* [Description of the task]: Output every line below without omitting or altering anything.

* [Supplied material]:
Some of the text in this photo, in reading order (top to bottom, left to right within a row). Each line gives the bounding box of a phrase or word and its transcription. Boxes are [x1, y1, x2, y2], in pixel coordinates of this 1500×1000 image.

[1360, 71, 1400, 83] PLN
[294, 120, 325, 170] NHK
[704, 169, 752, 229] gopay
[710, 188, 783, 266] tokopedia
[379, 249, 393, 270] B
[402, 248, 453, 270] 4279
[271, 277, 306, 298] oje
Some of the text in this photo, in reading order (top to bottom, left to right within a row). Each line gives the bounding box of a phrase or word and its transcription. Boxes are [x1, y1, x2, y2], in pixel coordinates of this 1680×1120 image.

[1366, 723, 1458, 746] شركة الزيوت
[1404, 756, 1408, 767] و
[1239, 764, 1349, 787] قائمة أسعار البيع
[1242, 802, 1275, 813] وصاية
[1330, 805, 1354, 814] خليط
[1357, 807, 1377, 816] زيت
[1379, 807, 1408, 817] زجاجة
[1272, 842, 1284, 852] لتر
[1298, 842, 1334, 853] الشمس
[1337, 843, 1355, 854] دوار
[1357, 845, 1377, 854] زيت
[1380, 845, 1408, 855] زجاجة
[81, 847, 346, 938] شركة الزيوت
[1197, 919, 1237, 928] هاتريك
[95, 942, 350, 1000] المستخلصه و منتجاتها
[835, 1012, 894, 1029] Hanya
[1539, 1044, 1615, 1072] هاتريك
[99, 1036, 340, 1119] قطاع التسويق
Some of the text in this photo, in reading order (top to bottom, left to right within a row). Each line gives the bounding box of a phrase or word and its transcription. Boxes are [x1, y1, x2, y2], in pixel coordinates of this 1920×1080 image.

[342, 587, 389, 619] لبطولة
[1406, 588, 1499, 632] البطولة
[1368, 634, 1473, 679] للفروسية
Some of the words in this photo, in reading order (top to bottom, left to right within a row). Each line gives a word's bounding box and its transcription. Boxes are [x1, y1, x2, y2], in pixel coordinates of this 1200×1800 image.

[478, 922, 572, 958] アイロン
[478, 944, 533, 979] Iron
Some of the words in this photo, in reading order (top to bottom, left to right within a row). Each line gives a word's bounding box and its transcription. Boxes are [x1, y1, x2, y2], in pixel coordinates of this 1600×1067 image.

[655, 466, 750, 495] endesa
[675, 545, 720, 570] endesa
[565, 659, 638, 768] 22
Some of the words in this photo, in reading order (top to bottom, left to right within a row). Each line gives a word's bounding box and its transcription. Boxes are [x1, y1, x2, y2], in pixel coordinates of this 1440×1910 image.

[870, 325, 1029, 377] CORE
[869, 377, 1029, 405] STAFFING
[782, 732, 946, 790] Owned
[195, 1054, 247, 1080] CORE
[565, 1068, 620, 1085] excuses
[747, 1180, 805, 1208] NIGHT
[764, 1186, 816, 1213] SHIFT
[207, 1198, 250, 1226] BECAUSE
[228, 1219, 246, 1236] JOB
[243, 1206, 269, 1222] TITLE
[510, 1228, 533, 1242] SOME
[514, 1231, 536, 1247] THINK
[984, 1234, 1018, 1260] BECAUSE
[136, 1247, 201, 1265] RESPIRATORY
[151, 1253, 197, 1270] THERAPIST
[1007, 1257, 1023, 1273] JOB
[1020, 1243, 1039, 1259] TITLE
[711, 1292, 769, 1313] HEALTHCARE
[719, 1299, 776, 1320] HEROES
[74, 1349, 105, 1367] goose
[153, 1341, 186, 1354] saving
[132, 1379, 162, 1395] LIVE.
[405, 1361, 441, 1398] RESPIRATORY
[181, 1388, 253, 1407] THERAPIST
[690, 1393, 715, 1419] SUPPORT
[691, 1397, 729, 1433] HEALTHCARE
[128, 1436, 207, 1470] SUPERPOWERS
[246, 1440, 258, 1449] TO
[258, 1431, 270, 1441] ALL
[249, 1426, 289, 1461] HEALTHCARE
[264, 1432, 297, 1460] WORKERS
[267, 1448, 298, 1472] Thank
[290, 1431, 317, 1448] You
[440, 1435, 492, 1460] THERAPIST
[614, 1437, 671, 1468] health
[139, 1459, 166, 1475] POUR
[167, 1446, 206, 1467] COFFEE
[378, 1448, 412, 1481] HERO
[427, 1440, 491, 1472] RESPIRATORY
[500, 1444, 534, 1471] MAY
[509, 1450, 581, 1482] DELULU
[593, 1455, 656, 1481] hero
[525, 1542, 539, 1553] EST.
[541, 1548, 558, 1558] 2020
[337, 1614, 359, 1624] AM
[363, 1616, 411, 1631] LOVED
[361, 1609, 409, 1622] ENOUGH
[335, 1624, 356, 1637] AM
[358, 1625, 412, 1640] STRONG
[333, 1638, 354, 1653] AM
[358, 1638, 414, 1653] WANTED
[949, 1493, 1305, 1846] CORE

* [Written solution]:
Some of the text in this photo, in reading order (top to bottom, left to right within a row). Each line gives the bounding box of a phrase or word and its transcription. Boxes are [x1, y1, x2, y2], in pixel coordinates of this 1500×1000 image.

[1360, 71, 1400, 83] PLN
[294, 120, 325, 170] NHK
[704, 169, 752, 229] gopay
[710, 188, 783, 266] tokopedia
[379, 249, 393, 270] B
[402, 248, 453, 270] 4279
[271, 277, 306, 298] oje
Some of the text in this photo, in reading order (top to bottom, left to right within a row). Each line gives the bounding box of a phrase or word and its transcription. Boxes are [x1, y1, x2, y2], in pixel coordinates of this 1680×1120 image.

[1366, 723, 1458, 746] شركة الزيوت
[1404, 756, 1408, 767] و
[1239, 764, 1349, 787] قائمة أسعار البيع
[1242, 802, 1275, 813] وصاية
[1330, 805, 1354, 814] خليط
[1357, 807, 1377, 816] زيت
[1379, 807, 1408, 817] زجاجة
[1272, 842, 1284, 852] لتر
[1298, 842, 1334, 853] الشمس
[1337, 843, 1355, 854] دوار
[1357, 845, 1377, 854] زيت
[1380, 845, 1408, 855] زجاجة
[81, 847, 346, 938] شركة الزيوت
[1197, 919, 1237, 928] هاتريك
[95, 942, 350, 1000] المستخلصه و منتجاتها
[835, 1012, 894, 1029] Hanya
[1539, 1044, 1615, 1072] هاتريك
[99, 1036, 340, 1119] قطاع التسويق
Some of the text in this photo, in reading order (top to bottom, left to right within a row). Each line gives the bounding box of a phrase or word and its transcription. Boxes are [x1, y1, x2, y2], in pixel coordinates of this 1920×1080 image.

[342, 587, 389, 619] لبطولة
[1406, 588, 1499, 632] البطولة
[1368, 634, 1473, 679] للفروسية
Some of the words in this photo, in reading order (top to bottom, left to right within a row). Each line gives a word's bounding box and its transcription. Boxes are [x1, y1, x2, y2], in pixel coordinates of this 1200×1800 image.

[478, 922, 572, 958] アイロン
[478, 944, 533, 979] Iron
Some of the words in this photo, in reading order (top to bottom, left to right within a row). Each line gives a word's bounding box and its transcription. Boxes are [x1, y1, x2, y2], in pixel coordinates of this 1600×1067 image.

[655, 466, 750, 495] endesa
[675, 545, 720, 570] endesa
[565, 659, 638, 768] 22
Some of the words in this photo, in reading order (top to bottom, left to right within a row). Each line gives a word's bounding box and its transcription. Boxes are [x1, y1, x2, y2], in pixel coordinates of this 1440×1910 image.

[870, 325, 1029, 377] CORE
[869, 377, 1029, 405] STAFFING
[782, 732, 946, 790] Owned
[195, 1054, 247, 1080] CORE
[565, 1068, 620, 1085] excuses
[747, 1180, 805, 1208] NIGHT
[764, 1186, 816, 1213] SHIFT
[207, 1198, 250, 1226] BECAUSE
[228, 1219, 246, 1236] JOB
[243, 1206, 269, 1222] TITLE
[510, 1228, 533, 1242] SOME
[514, 1231, 536, 1247] THINK
[984, 1234, 1018, 1260] BECAUSE
[136, 1247, 201, 1265] RESPIRATORY
[151, 1253, 197, 1270] THERAPIST
[1007, 1257, 1023, 1273] JOB
[1020, 1243, 1039, 1259] TITLE
[711, 1292, 769, 1313] HEALTHCARE
[719, 1299, 776, 1320] HEROES
[74, 1349, 105, 1367] goose
[153, 1341, 186, 1354] saving
[132, 1379, 162, 1395] LIVE.
[405, 1361, 441, 1398] RESPIRATORY
[181, 1388, 253, 1407] THERAPIST
[690, 1393, 715, 1419] SUPPORT
[691, 1397, 729, 1433] HEALTHCARE
[128, 1436, 207, 1470] SUPERPOWERS
[246, 1440, 258, 1449] TO
[258, 1431, 270, 1441] ALL
[249, 1426, 289, 1461] HEALTHCARE
[264, 1432, 297, 1460] WORKERS
[267, 1448, 298, 1472] Thank
[290, 1431, 317, 1448] You
[440, 1435, 492, 1460] THERAPIST
[614, 1437, 671, 1468] health
[139, 1459, 166, 1475] POUR
[167, 1446, 206, 1467] COFFEE
[378, 1448, 412, 1481] HERO
[427, 1440, 491, 1472] RESPIRATORY
[500, 1444, 534, 1471] MAY
[509, 1450, 581, 1482] DELULU
[593, 1455, 656, 1481] hero
[525, 1542, 539, 1553] EST.
[541, 1548, 558, 1558] 2020
[337, 1614, 359, 1624] AM
[363, 1616, 411, 1631] LOVED
[361, 1609, 409, 1622] ENOUGH
[335, 1624, 356, 1637] AM
[358, 1625, 412, 1640] STRONG
[333, 1638, 354, 1653] AM
[358, 1638, 414, 1653] WANTED
[949, 1493, 1305, 1846] CORE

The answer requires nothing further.